##### Dataset extract

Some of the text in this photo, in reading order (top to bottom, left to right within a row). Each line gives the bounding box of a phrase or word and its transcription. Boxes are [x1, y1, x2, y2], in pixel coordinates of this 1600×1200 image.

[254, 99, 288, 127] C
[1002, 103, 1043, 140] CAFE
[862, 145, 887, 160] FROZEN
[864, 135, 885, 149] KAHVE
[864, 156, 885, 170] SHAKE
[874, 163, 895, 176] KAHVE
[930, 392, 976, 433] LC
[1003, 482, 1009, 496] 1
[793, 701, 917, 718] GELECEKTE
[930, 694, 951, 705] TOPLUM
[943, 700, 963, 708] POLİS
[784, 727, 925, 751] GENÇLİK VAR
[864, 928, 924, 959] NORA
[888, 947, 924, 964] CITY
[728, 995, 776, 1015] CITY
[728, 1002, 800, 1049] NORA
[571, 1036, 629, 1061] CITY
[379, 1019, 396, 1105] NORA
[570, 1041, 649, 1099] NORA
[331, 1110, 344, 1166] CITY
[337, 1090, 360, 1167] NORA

##########

== What is being asked ==
Write out the records again, exactly as given.

== Response ==
Some of the text in this photo, in reading order (top to bottom, left to right within a row). Each line gives the bounding box of a phrase or word and its transcription. Boxes are [x1, y1, x2, y2], in pixel coordinates of this 1600×1200 image.

[254, 99, 288, 127] C
[1002, 103, 1043, 140] CAFE
[862, 145, 887, 160] FROZEN
[864, 135, 885, 149] KAHVE
[864, 156, 885, 170] SHAKE
[874, 163, 895, 176] KAHVE
[930, 392, 976, 433] LC
[1003, 482, 1009, 496] 1
[793, 701, 917, 718] GELECEKTE
[930, 694, 951, 705] TOPLUM
[943, 700, 963, 708] POLİS
[784, 727, 925, 751] GENÇLİK VAR
[864, 928, 924, 959] NORA
[888, 947, 924, 964] CITY
[728, 995, 776, 1015] CITY
[728, 1002, 800, 1049] NORA
[571, 1036, 629, 1061] CITY
[379, 1019, 396, 1105] NORA
[570, 1041, 649, 1099] NORA
[331, 1110, 344, 1166] CITY
[337, 1090, 360, 1167] NORA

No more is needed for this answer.